One is fitted under the skin, usually near the armpit, and acts like a mini defibrillator.
“We call it a shock box,” says Dr Michael Papadakis, a reader in cardiology at St. George’s, University of London. “It looks after your [heart] rhythm and, if it detects a very fast, life-threatening irregularity, it will shock you out of it and jump-start the heart,”
The other main type of ICD is usually fitted in the space just below the collarbone and, like a pacemaker, can also send a regular electrical signal if it detects the heart is beating too slowly.
Batteries usually last between six and 10 years and can be replaced under local anaesthetic.
Up until 2015 doctors were still advising people with an ICD not to attempt anything more strenuous than a game of golf.
New research has changed that.
A team from Yale University followed 440 athletes competing with ICDs over four years, checking in every six months to see if they had experienced any adverse event.
About 10% received a shock from their device while playing sport, after it detected an abnormal heart rhythm.
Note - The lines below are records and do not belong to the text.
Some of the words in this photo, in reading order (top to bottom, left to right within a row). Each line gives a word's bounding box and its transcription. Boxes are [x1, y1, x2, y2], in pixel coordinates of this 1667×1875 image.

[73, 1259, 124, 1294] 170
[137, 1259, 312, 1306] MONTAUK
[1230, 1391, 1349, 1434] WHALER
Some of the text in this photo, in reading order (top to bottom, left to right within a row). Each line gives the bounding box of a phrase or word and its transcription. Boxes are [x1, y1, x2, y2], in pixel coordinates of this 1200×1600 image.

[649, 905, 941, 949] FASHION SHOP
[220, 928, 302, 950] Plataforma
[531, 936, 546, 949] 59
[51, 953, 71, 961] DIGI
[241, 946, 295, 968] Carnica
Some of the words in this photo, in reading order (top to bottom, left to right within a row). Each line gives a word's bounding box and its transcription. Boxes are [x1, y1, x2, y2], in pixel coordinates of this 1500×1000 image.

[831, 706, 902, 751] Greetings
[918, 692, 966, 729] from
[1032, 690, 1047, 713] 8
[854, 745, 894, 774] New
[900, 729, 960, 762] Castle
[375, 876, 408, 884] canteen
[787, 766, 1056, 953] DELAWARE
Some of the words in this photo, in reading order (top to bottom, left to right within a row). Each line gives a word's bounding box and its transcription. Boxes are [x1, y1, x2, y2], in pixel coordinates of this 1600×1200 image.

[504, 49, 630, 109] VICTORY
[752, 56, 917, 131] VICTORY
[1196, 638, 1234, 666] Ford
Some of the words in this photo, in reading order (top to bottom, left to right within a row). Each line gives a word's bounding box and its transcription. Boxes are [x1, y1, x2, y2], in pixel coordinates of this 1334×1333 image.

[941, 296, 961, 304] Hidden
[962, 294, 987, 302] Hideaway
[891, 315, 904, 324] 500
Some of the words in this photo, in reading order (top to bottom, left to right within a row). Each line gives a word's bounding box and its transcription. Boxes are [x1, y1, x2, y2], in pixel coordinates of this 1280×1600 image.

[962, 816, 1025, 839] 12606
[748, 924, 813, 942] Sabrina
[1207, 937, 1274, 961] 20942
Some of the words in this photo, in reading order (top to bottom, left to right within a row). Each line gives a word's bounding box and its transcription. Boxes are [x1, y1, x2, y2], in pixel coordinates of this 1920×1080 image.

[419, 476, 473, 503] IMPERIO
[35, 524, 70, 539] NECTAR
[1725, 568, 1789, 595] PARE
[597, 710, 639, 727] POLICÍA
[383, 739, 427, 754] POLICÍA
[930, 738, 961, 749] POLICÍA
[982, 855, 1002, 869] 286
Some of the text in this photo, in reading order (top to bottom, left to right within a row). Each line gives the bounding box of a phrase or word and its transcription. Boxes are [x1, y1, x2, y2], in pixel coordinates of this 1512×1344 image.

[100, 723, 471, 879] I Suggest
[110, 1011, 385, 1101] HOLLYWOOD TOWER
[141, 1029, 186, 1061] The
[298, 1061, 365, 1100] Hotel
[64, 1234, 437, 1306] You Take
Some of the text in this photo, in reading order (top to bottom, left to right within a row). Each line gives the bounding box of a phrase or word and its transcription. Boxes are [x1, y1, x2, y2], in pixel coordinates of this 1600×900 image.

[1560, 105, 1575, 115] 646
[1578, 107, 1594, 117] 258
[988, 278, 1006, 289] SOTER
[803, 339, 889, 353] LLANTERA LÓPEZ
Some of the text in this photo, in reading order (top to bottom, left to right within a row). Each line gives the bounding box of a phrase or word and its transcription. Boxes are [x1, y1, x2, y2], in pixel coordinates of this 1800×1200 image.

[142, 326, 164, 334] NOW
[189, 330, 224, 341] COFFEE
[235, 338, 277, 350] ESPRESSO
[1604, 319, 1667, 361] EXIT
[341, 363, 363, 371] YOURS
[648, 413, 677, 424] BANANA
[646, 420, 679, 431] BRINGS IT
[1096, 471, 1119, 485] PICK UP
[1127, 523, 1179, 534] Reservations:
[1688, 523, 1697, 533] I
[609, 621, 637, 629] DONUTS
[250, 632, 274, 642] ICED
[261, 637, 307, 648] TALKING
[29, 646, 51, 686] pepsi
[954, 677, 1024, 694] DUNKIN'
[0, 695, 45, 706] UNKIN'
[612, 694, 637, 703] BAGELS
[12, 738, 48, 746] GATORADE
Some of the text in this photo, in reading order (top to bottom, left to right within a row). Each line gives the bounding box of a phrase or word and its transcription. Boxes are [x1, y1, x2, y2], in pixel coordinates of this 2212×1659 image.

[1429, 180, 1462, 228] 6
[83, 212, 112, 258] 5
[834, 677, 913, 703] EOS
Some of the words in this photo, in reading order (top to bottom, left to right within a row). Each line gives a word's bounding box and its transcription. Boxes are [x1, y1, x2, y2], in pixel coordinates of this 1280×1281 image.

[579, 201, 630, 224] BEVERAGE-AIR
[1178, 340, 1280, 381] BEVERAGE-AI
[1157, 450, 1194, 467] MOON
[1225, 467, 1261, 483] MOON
But there were no examples of the ICD failing, and none of the athletes in the study suffered an injury or died as a result of a sports-related cardiac event.
“The risk is low,” says Yale cardiologist Prof Rachel Lampert, who led the study. “We can’t say all athletes [with ICDs] should do vigorous sports, but our data show that many can participate with confidence that the device is going to work.”
In 2012, Bill Kerr, a keen amateur runner from Market Harborough, collapsed suddenly while at work and needed to have an ICD fitted.
Since then the 71-year-old has completed another 12 marathons – the fastest in four hours and 15 minutes, just 20 minutes slower than before his cardiac arrest.
“My [heart] consultant said that being fit saved my neck and the worst thing would be to become sedentary. So I worked my way up and eventually began to trust the device,” he said.
“After a few months you are not even conscious of it and it just becomes part of you.”
In terms of individual risk, much depends on the damage done to the heart before the problem has been identified.
Bolton midfielder Muamba decided to retire on advice from his doctors, but others have continued to play with an ICD – including Daley Blind for the Netherlands national side and his club Ajax.
The rules do vary in different countries.
Eriksen had to leave his previous club, Inter Milan, because the Italian Football Association prevents anyone playing at amateur or professional level with the device fitted.
England’s Football Association has been running a heart screening programme for many years now, along with the England and Wales Cricket Board, Lawn Tennis Association and other sporting bodies.
An electrocardiogram is used to check the heart’s rhythm and electrical activity, while an echocardiogram or ultrasound can look at the structure of the heart itself to see if there are any defects.
Every player at England’s 92 Premier and Football League clubs is now tested when they sign their first professional contract, and again at the ages of 18 and 20.
A study led by a team at St George’s, University of London, and published in 2018, found that roughly one in every 260 adolescent players screened was found to have a condition which could put them in danger of sudden death. Those identified can often be treated or given lifestyle advice to try to reduce their risk.
“I am an avid supporter of [heart] screening but, just like breast cancer screening, it cannot detect all cases or prevent all sudden cardiac deaths,” said Dr Papadakis. “And that’s where the emergency response planning and defibrillators come into play.”
Since the Euros last year, the Premier League said it has made more than 2,000 external defibrillators available to grassroots football clubs in England and Wales – the same device that helped revive Eriksen when he collapsed on that pitch in Copenhagen.
The Danish footballer told the BBC he hopes that rising awareness, along with that extra funding, will prevent other young players suffering the same sort of traumatic experience in the future.
“It’s a good thing from a bad thing that happened,” he said. “People are now more acknowledging and more capable of being able to save someone. So I hope it’s turning into something positive that will save a lot of people who are in the same situation as me.”